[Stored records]
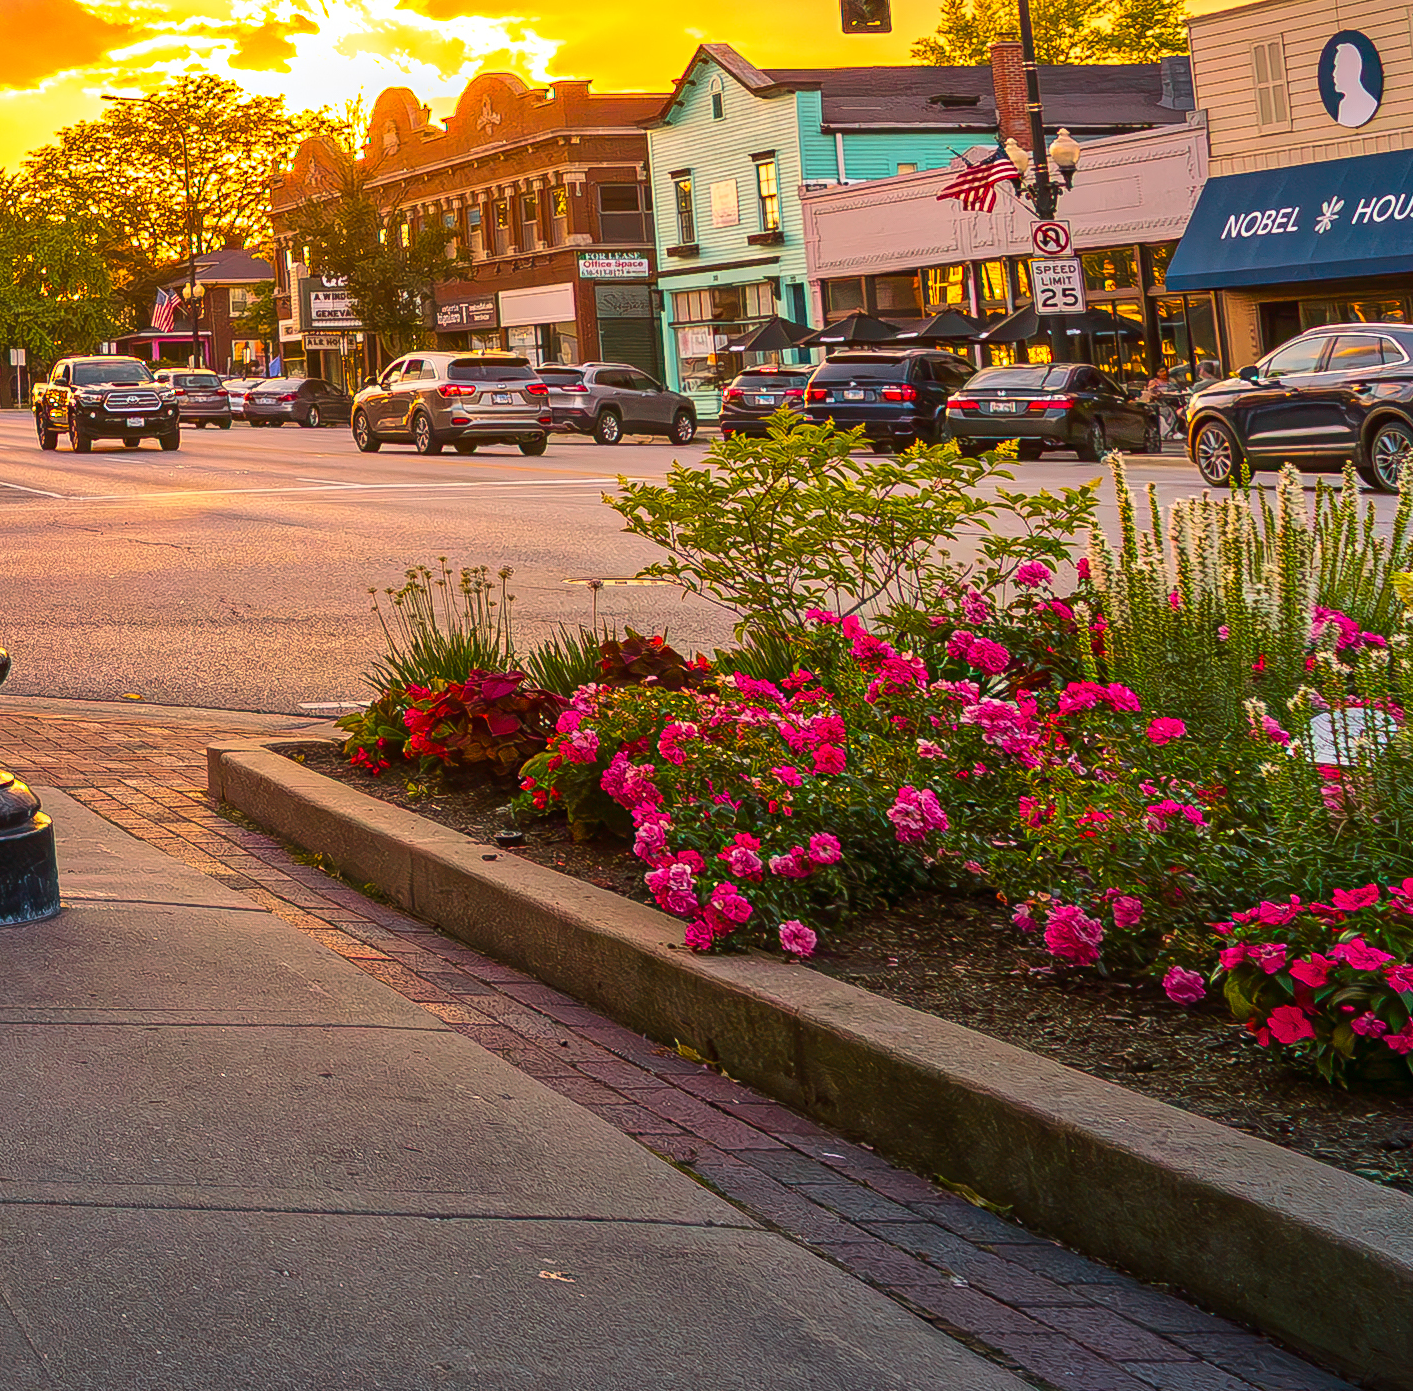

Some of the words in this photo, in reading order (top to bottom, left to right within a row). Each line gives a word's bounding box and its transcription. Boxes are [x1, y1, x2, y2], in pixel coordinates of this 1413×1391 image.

[1220, 206, 1300, 240] NOBEL
[1351, 193, 1413, 225] HOU
[585, 252, 607, 260] FOR
[608, 251, 641, 260] LEASE
[583, 260, 612, 268] Office
[614, 260, 644, 269] Space
[1035, 264, 1077, 275] SPEED
[1040, 276, 1073, 286] LIMIT
[1040, 287, 1079, 308] 25
[315, 309, 353, 318] GENEVA
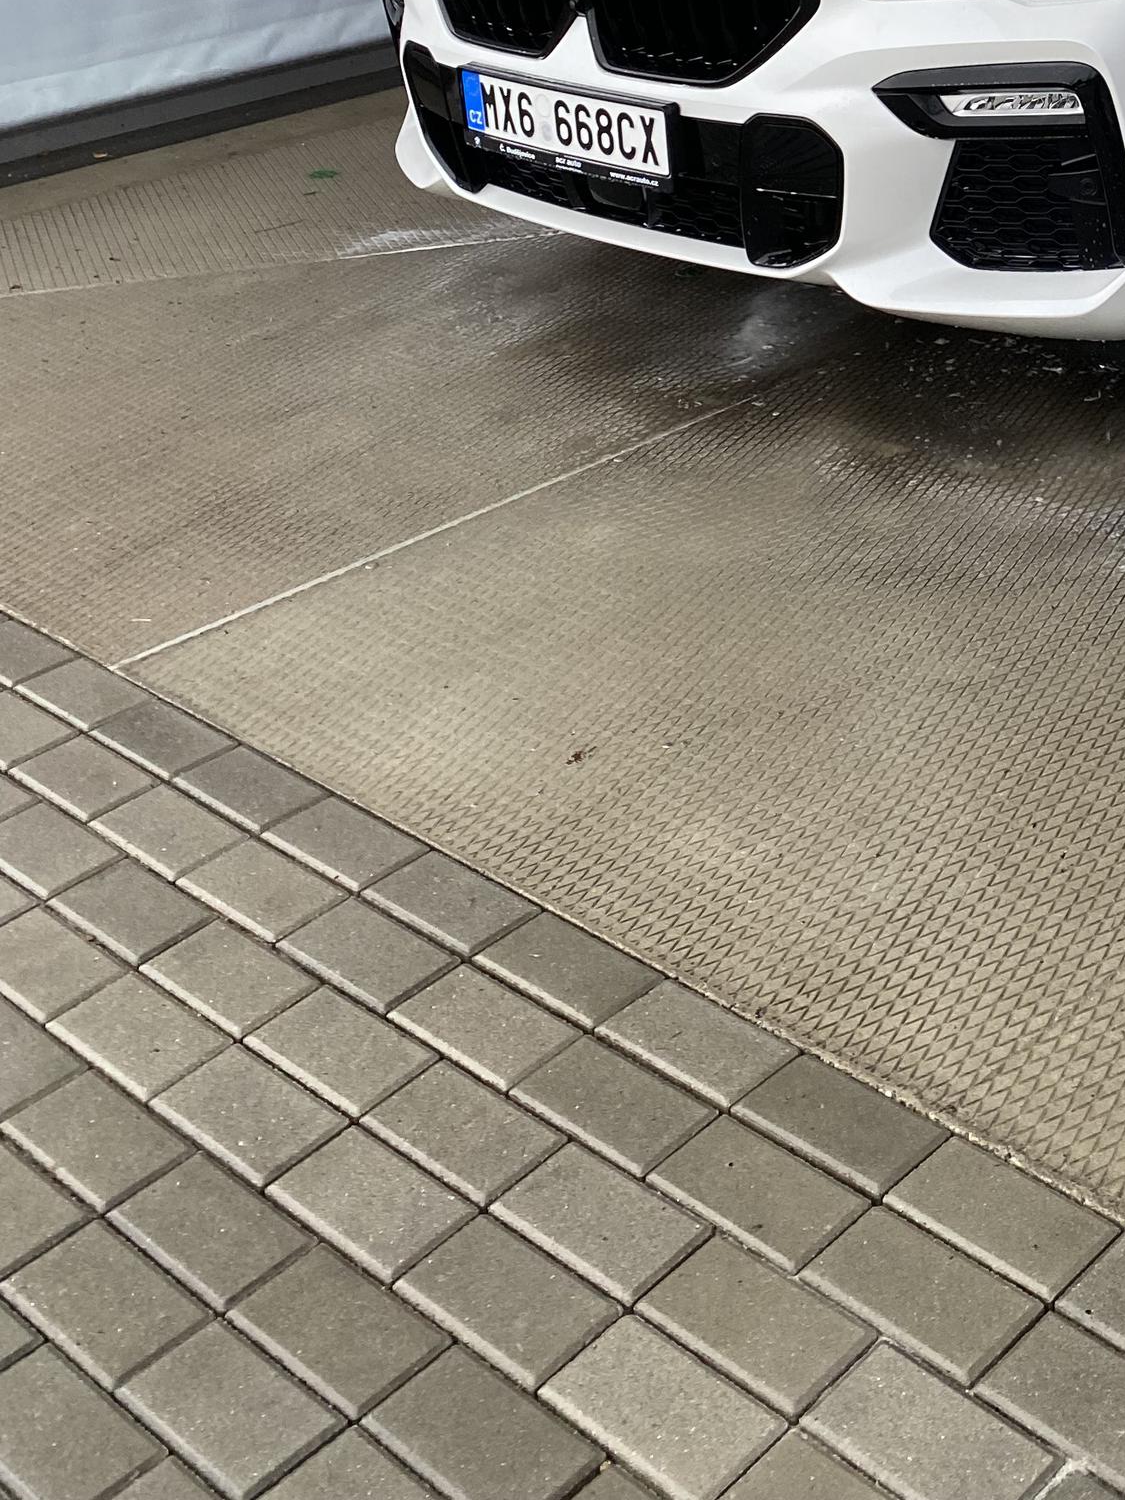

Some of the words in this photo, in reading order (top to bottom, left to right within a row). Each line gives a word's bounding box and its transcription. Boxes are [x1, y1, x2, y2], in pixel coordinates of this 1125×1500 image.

[469, 109, 483, 124] CZ
[480, 82, 535, 138] MX6
[554, 99, 659, 166] 668CX

EXERCISE GOAL: Set down every entry exactly as it appears, but skip the pictures.

EXERCISE ANSWER:
Some of the words in this photo, in reading order (top to bottom, left to right within a row). Each line gives a word's bounding box and its transcription. Boxes are [x1, y1, x2, y2], in pixel coordinates of this 1413×1391 image.

[1220, 206, 1300, 240] NOBEL
[1351, 193, 1413, 225] HOU
[585, 252, 607, 260] FOR
[608, 251, 641, 260] LEASE
[583, 260, 612, 268] Office
[614, 260, 644, 269] Space
[1035, 264, 1077, 275] SPEED
[1040, 276, 1073, 286] LIMIT
[1040, 287, 1079, 308] 25
[315, 309, 353, 318] GENEVA

Some of the words in this photo, in reading order (top to bottom, left to right within a row). Each line gives a word's bounding box and its transcription. Boxes are [x1, y1, x2, y2], in pixel coordinates of this 1125×1500 image.

[469, 109, 483, 124] CZ
[480, 82, 535, 138] MX6
[554, 99, 659, 166] 668CX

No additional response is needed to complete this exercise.